(Images for object localization)
━━━━━━━━━━━━━━━━
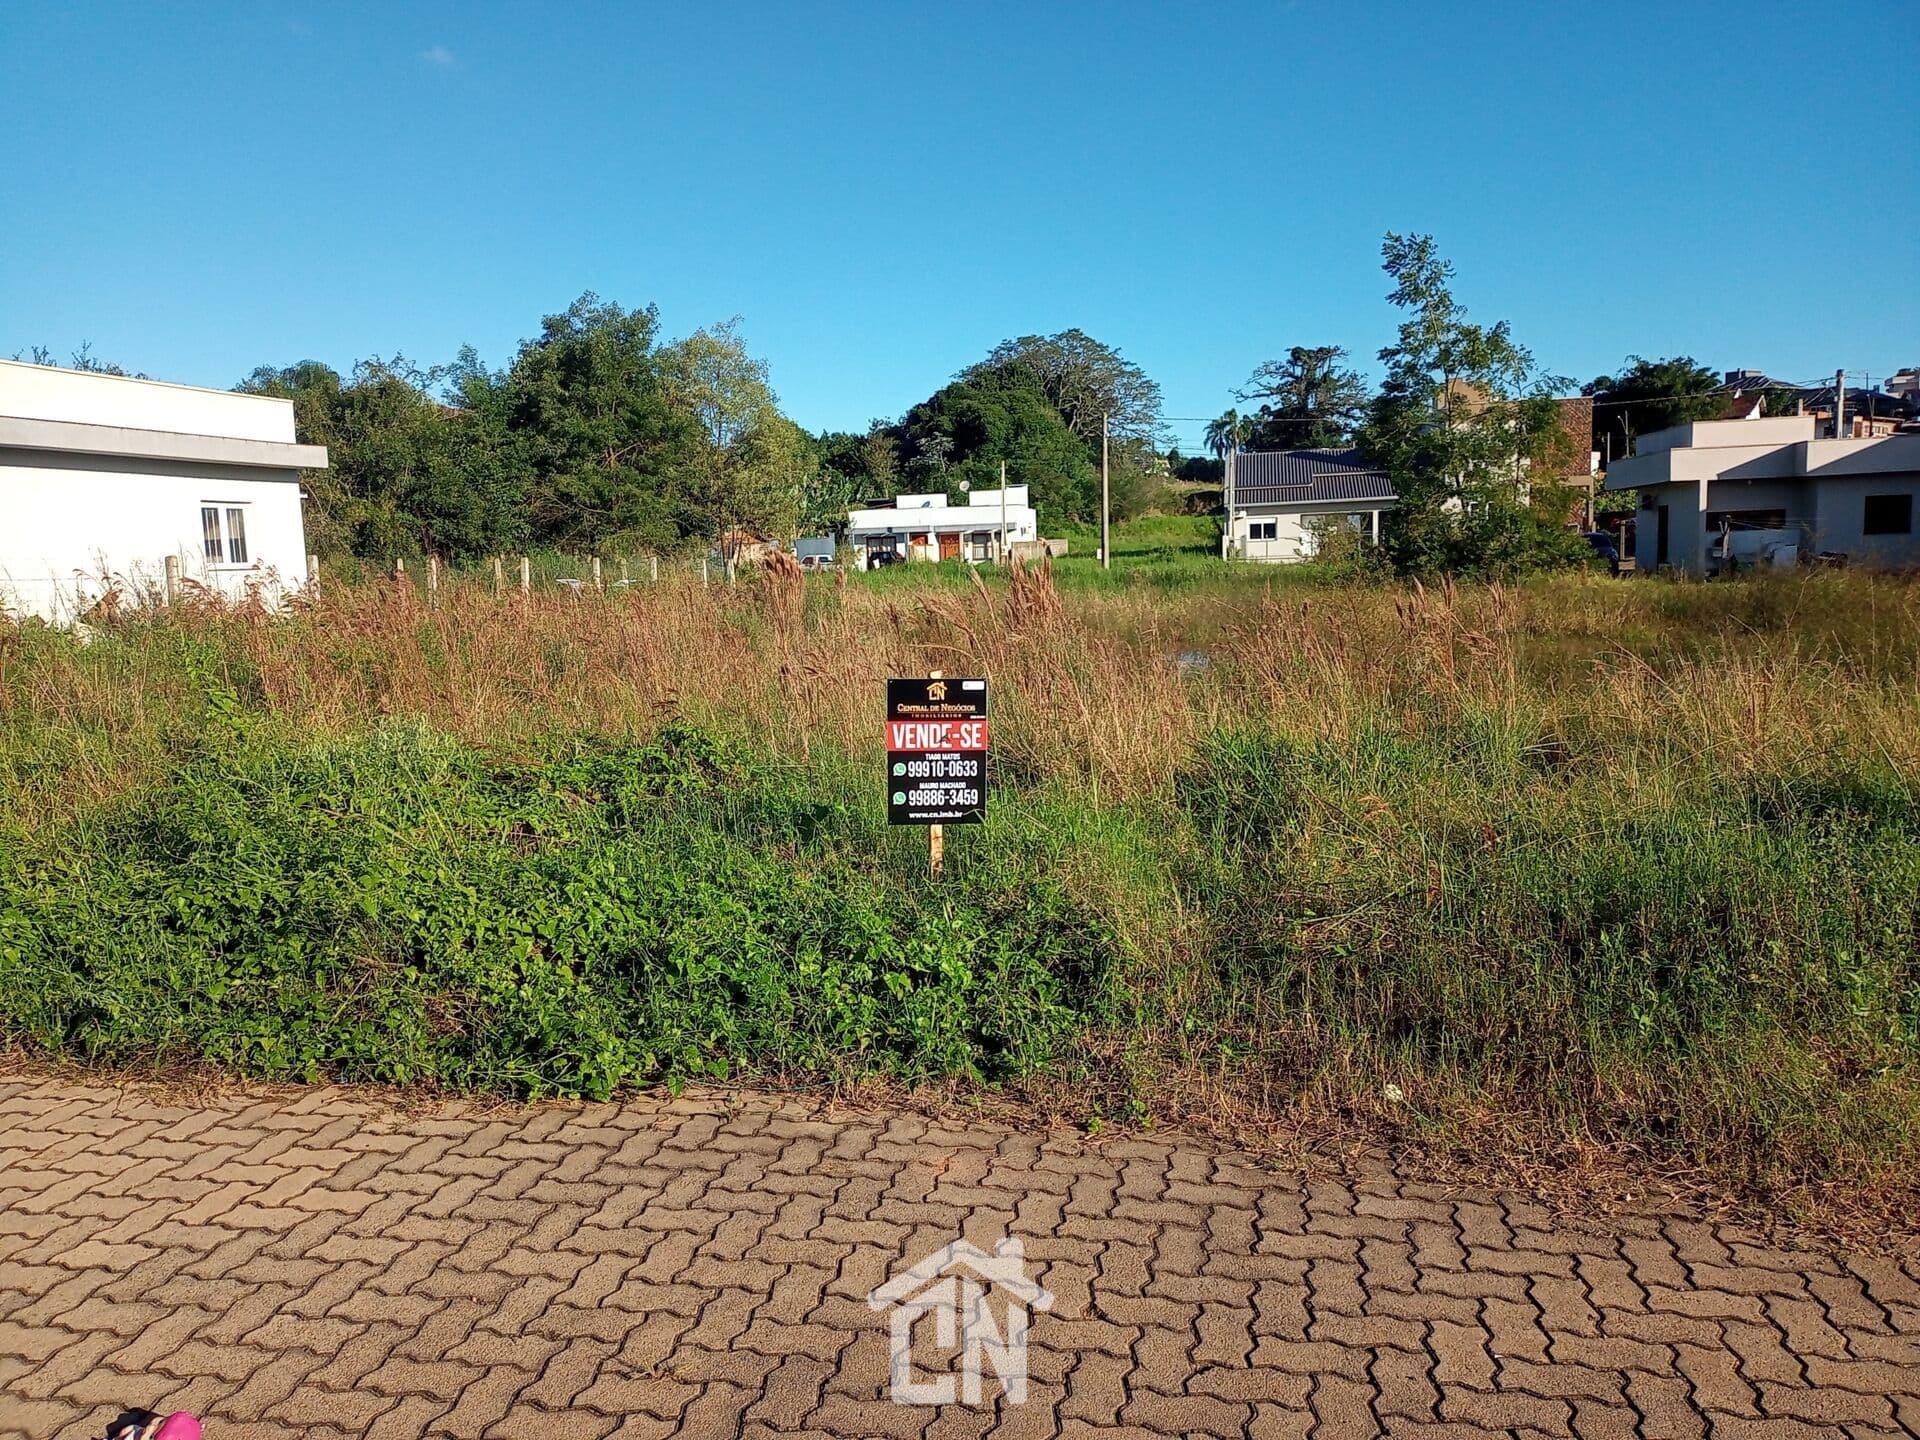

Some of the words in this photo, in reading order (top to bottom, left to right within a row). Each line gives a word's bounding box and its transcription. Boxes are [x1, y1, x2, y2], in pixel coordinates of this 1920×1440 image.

[893, 723, 982, 749] VENDE-SE
[908, 761, 978, 777] 99910-0633
[908, 789, 978, 806] 99886-3459
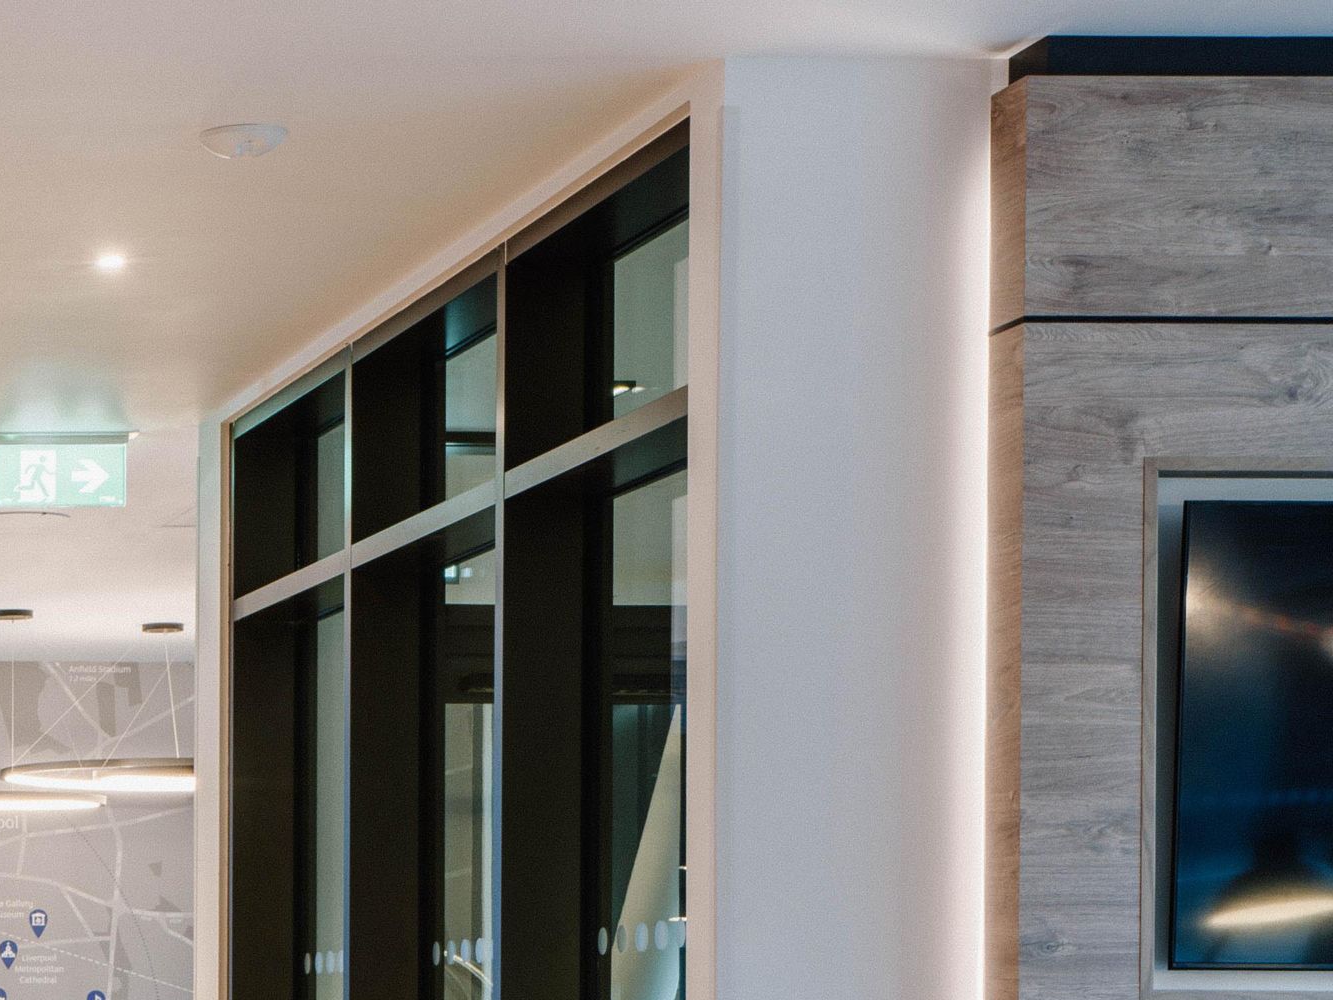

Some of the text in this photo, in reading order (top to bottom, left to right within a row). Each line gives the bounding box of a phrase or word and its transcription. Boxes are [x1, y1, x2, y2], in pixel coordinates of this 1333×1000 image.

[99, 665, 131, 673] Stadium
[21, 954, 57, 964] Liverpool
[15, 965, 64, 975] Metropolitan
[19, 976, 58, 985] Cathedral
━━━━━━━━━━━━━━━━
§ **Work instruction**: Reproduce the data exactly as it appears above. Pictures are to be left out.

§ **Result for this exercise**:
Some of the words in this photo, in reading order (top to bottom, left to right within a row). Each line gives a word's bounding box and its transcription. Boxes are [x1, y1, x2, y2], in pixel coordinates of this 1920×1440 image.

[893, 723, 982, 749] VENDE-SE
[908, 761, 978, 777] 99910-0633
[908, 789, 978, 806] 99886-3459

Some of the text in this photo, in reading order (top to bottom, left to right within a row). Each line gives the bounding box of a phrase or word and its transcription. Boxes are [x1, y1, x2, y2], in pixel coordinates of this 1333×1000 image.

[99, 665, 131, 673] Stadium
[21, 954, 57, 964] Liverpool
[15, 965, 64, 975] Metropolitan
[19, 976, 58, 985] Cathedral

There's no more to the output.